> **Annotated photo localization data**
━━━━━━━━━━
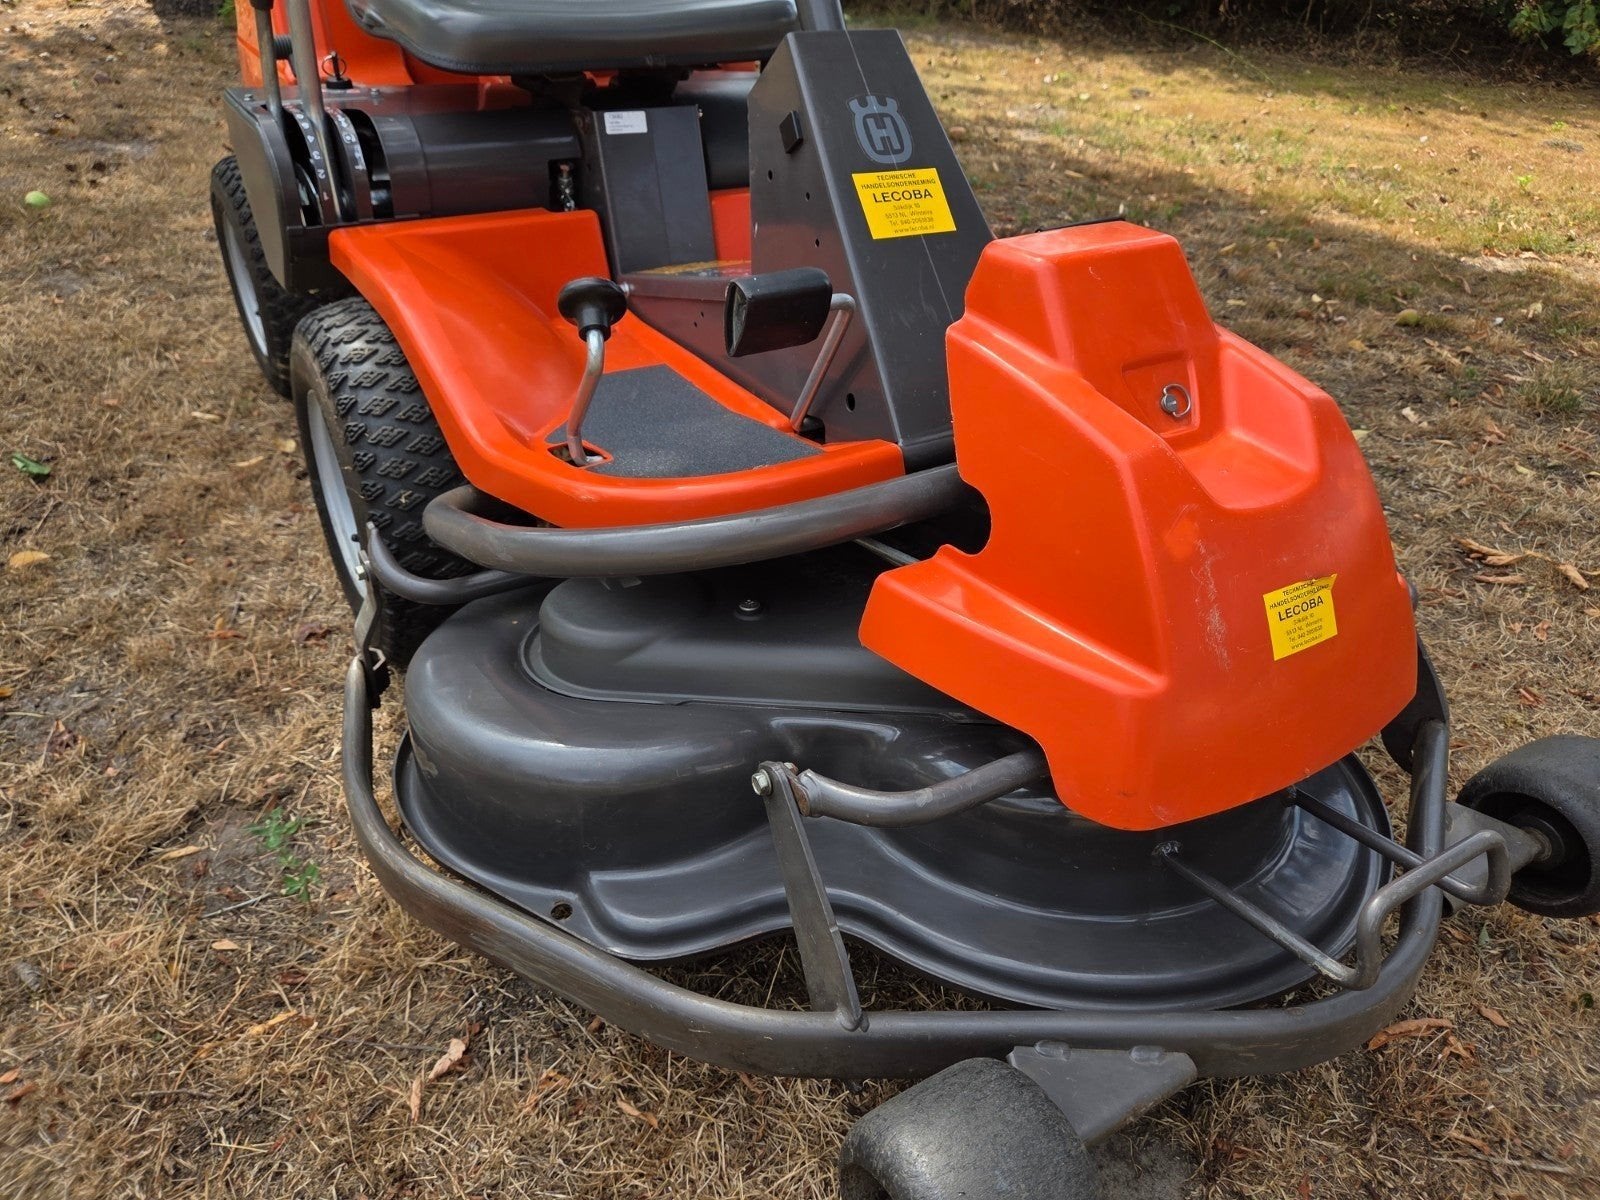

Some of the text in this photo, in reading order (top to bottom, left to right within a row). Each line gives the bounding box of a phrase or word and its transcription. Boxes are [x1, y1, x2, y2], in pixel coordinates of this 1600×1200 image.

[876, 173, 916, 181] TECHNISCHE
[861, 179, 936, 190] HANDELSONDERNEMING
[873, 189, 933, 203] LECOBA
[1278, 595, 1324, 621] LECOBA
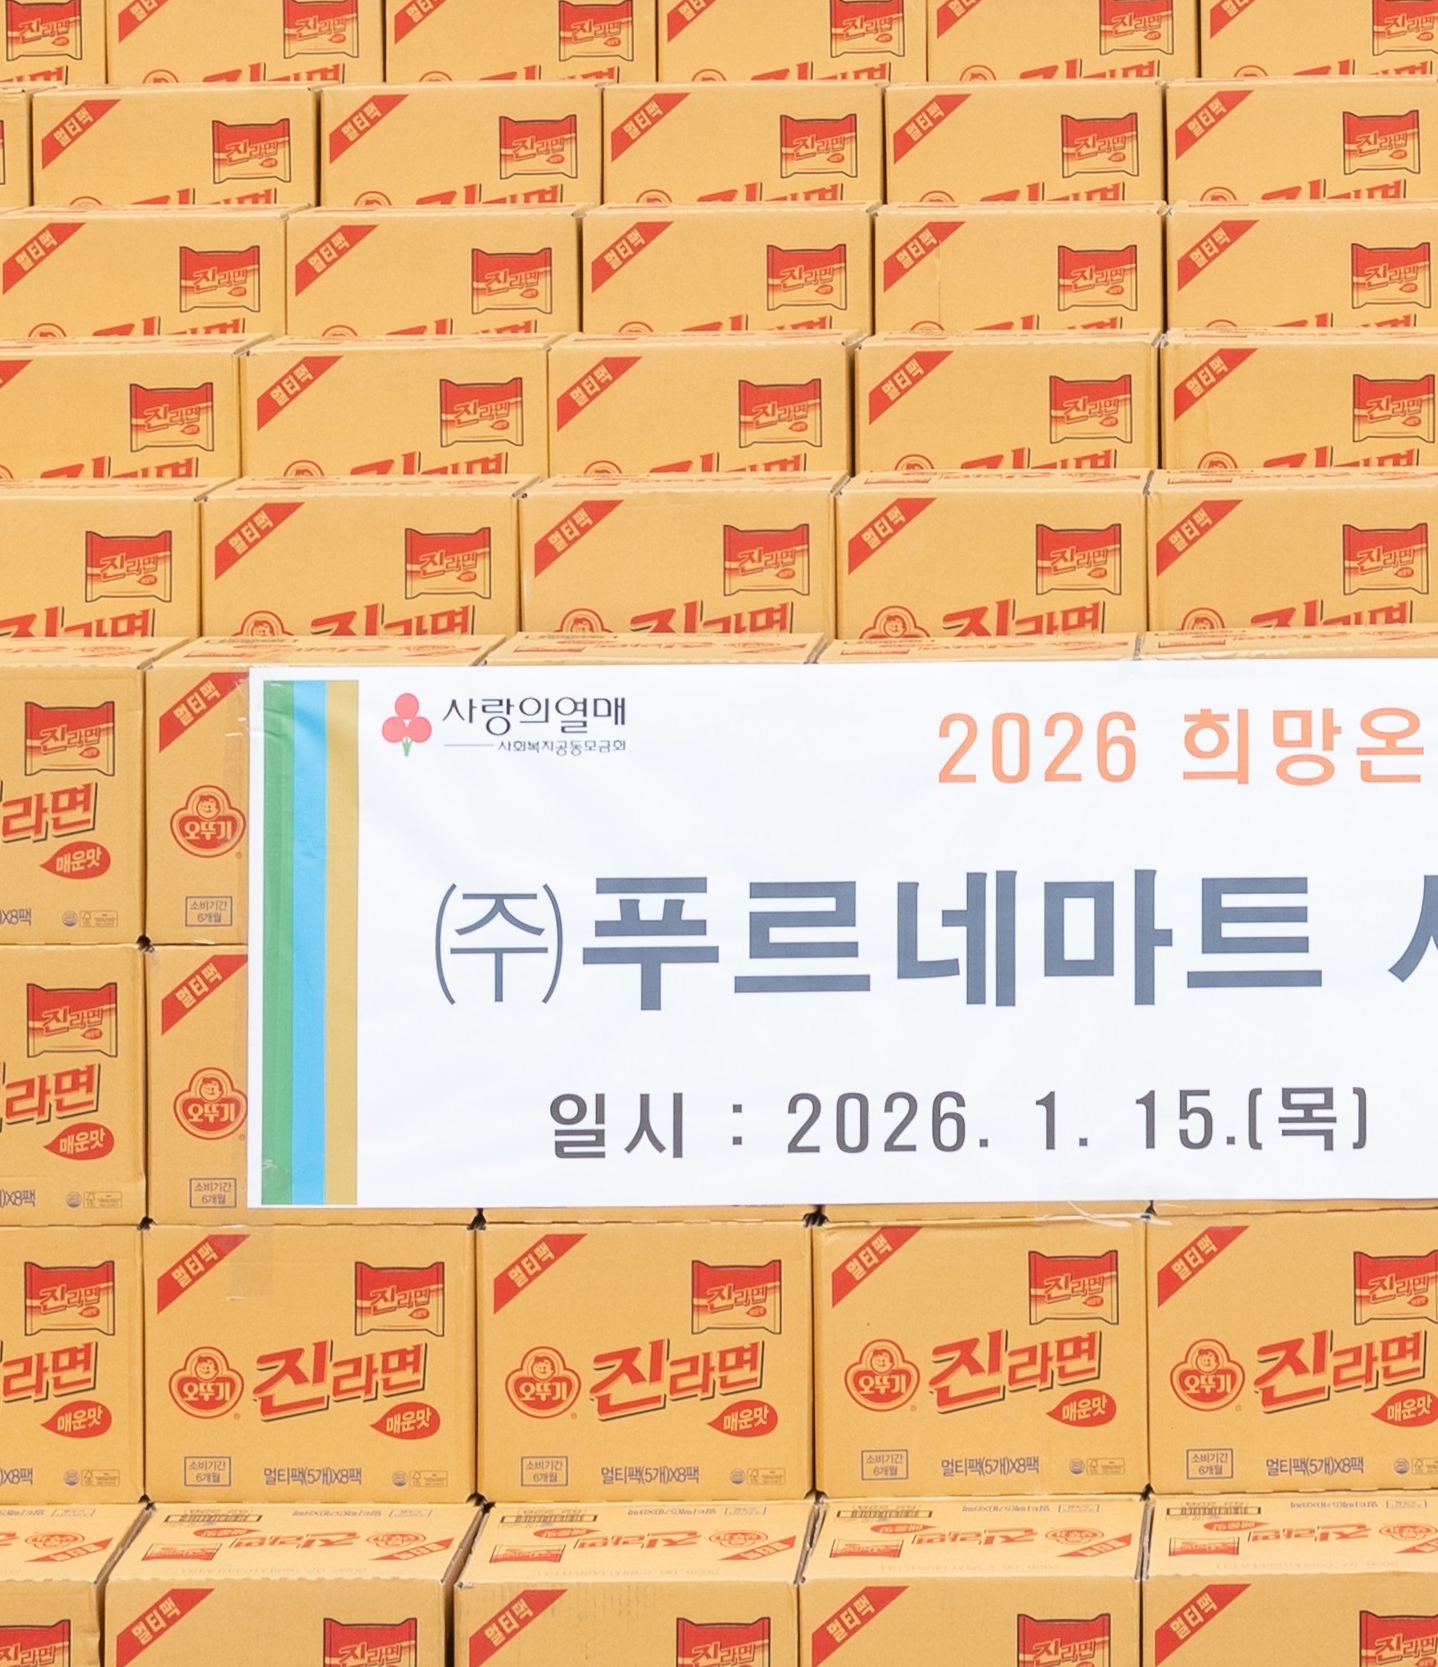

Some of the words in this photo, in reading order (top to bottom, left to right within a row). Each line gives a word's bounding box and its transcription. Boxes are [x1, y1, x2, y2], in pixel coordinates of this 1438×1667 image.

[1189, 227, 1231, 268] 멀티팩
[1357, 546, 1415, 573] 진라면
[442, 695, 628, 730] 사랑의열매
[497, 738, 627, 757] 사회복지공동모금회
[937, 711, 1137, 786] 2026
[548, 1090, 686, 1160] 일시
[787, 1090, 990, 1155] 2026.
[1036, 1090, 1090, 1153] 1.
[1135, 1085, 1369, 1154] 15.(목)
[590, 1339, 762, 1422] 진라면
━━━━━━━━━━
In the copy, include every line of the entries above exactly and none of the pictures.

> **Answer section**
Some of the text in this photo, in reading order (top to bottom, left to right within a row). Each line gives the bounding box of a phrase or word and its transcription. Boxes are [x1, y1, x2, y2], in pixel coordinates of this 1600×1200 image.

[876, 173, 916, 181] TECHNISCHE
[861, 179, 936, 190] HANDELSONDERNEMING
[873, 189, 933, 203] LECOBA
[1278, 595, 1324, 621] LECOBA

Some of the words in this photo, in reading order (top to bottom, left to right within a row). Each line gives a word's bounding box and its transcription. Boxes are [x1, y1, x2, y2], in pixel coordinates of this 1438×1667 image.

[1189, 227, 1231, 268] 멀티팩
[1357, 546, 1415, 573] 진라면
[442, 695, 628, 730] 사랑의열매
[497, 738, 627, 757] 사회복지공동모금회
[937, 711, 1137, 786] 2026
[548, 1090, 686, 1160] 일시
[787, 1090, 990, 1155] 2026.
[1036, 1090, 1090, 1153] 1.
[1135, 1085, 1369, 1154] 15.(목)
[590, 1339, 762, 1422] 진라면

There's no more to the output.